Issue uploading BFS data from a path (public cloud link)
Please check why the following data upload issues happen when using the transfer sdmxFile
method with the filepath
parameter:
- 1 GB file https://webpub-a.bfs.admin.ch/dotstat/test_dataset_1_go.csv: Upload is ok
- 2 GB file https://webpub-a.bfs.admin.ch/dotstat/test_dataset_2_go.csv: HTTP 502 Network Error
- 5 GB file https://webpub-a.bfs.admin.ch/dotstat/test_dataset_4_7_go.csv: HTTP 400 Bad request ("Unable to connect to the provided SDMX service at URL: https://webpub-a.bfs.admin.ch/dotstat/test_dataset_4_7_go.csv. Please check that the provided URL is correct and that the service is online and accessible. Then re-submit the request.")

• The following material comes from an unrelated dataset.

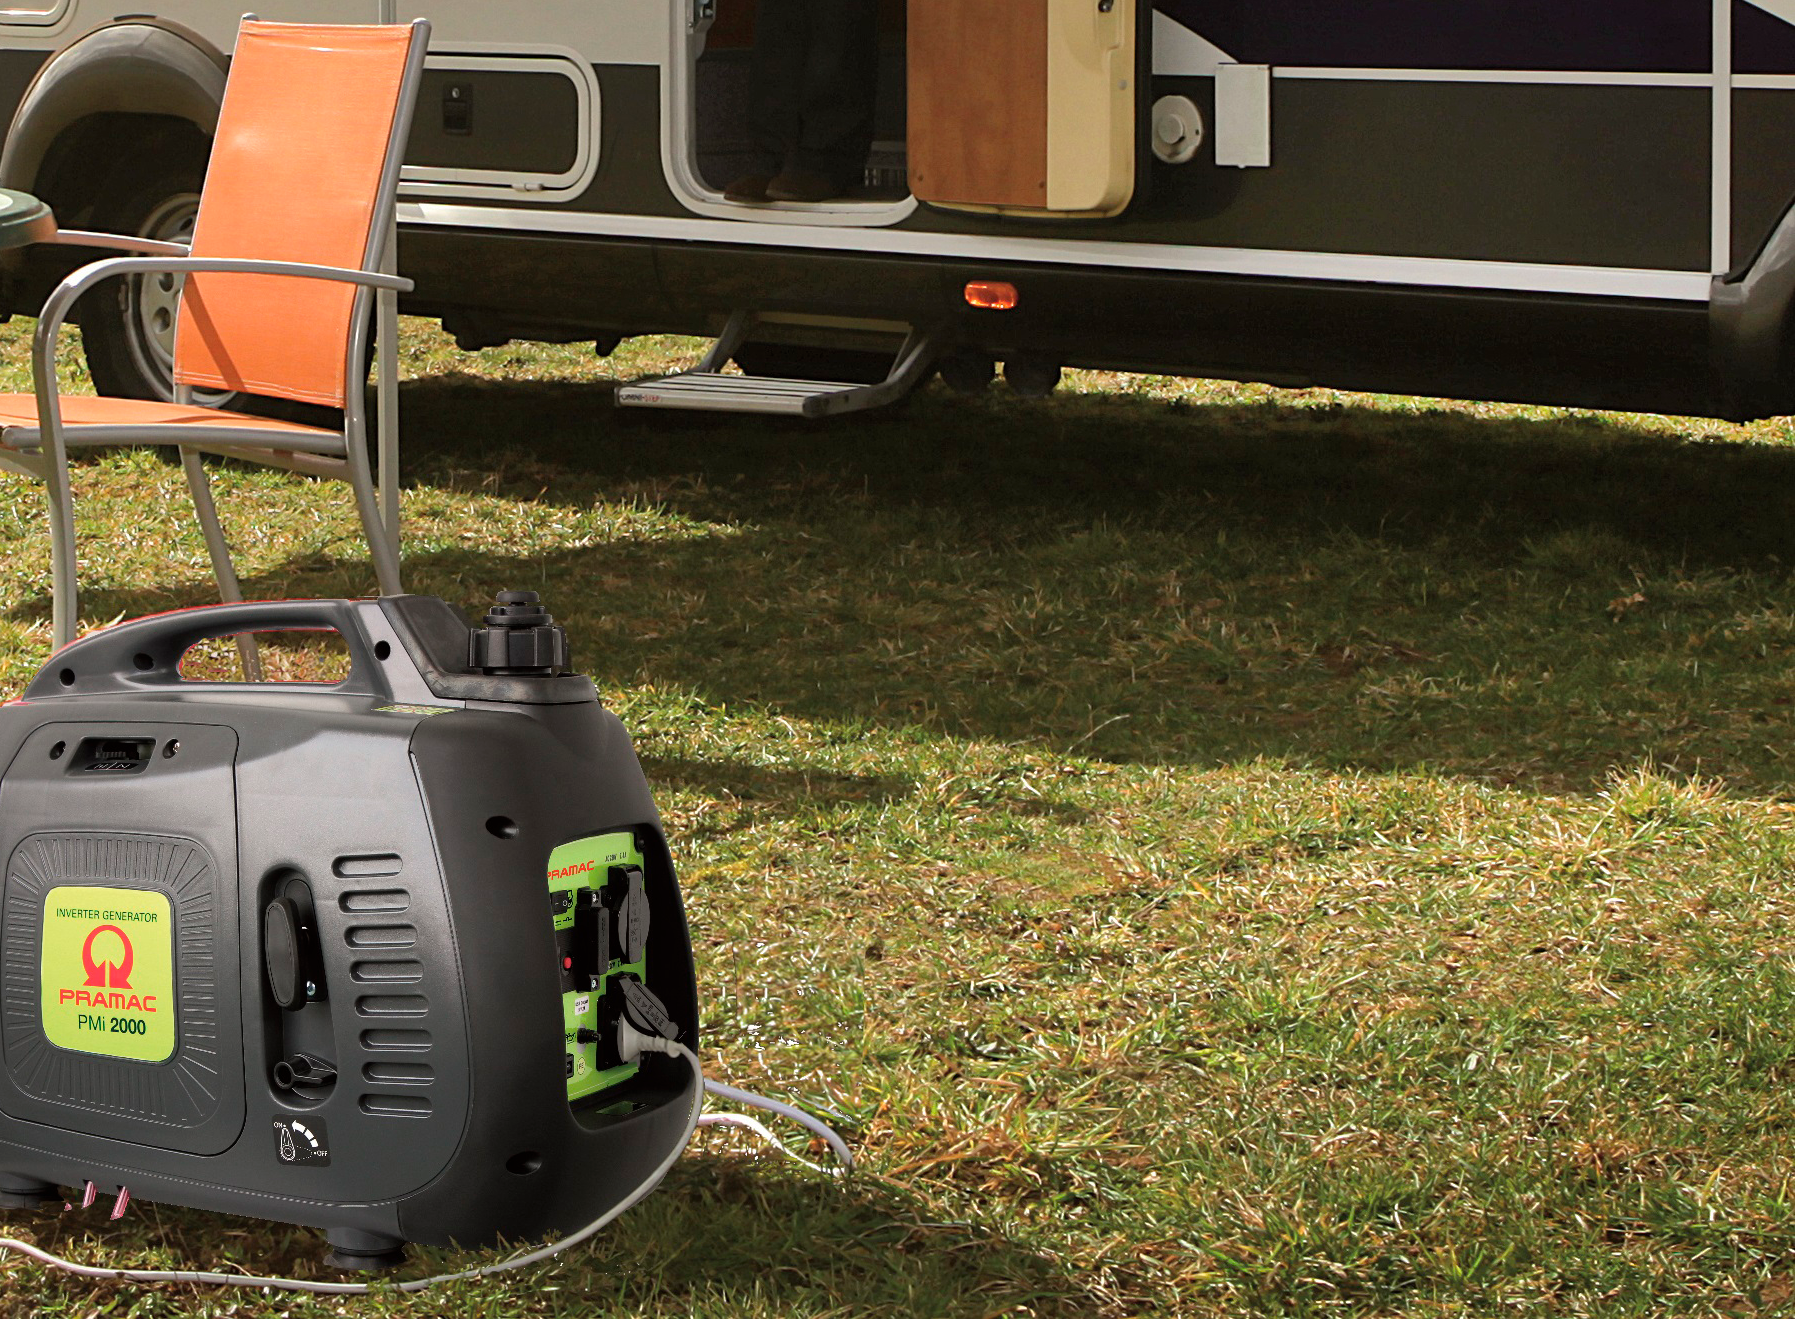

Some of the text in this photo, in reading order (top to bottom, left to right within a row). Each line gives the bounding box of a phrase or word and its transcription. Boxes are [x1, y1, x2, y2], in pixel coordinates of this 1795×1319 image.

Note: all 3 links are fully publicly accessible links to data files. This exact behaviour could be reproduced when trying to load the files in qa:reset.
previous description
Use Case STATPOP
As a Statistician Modeler
when I upload a large dataset using the SDMX Specification,
I want to have it rendered in the .Stat Suite (Explorer) and visible in the Data Lifecycle Manager.
Specification of a large statistics:
- the dataset spans over 20 years.
- the underlying metadata contains 7 dimensions
- one dimension is the reference area, which uses the codelists of 2700 elements
STATPOP Dataset
For your information, our STATPOP dataset entails the statistic for permanent and non-permanent resident population.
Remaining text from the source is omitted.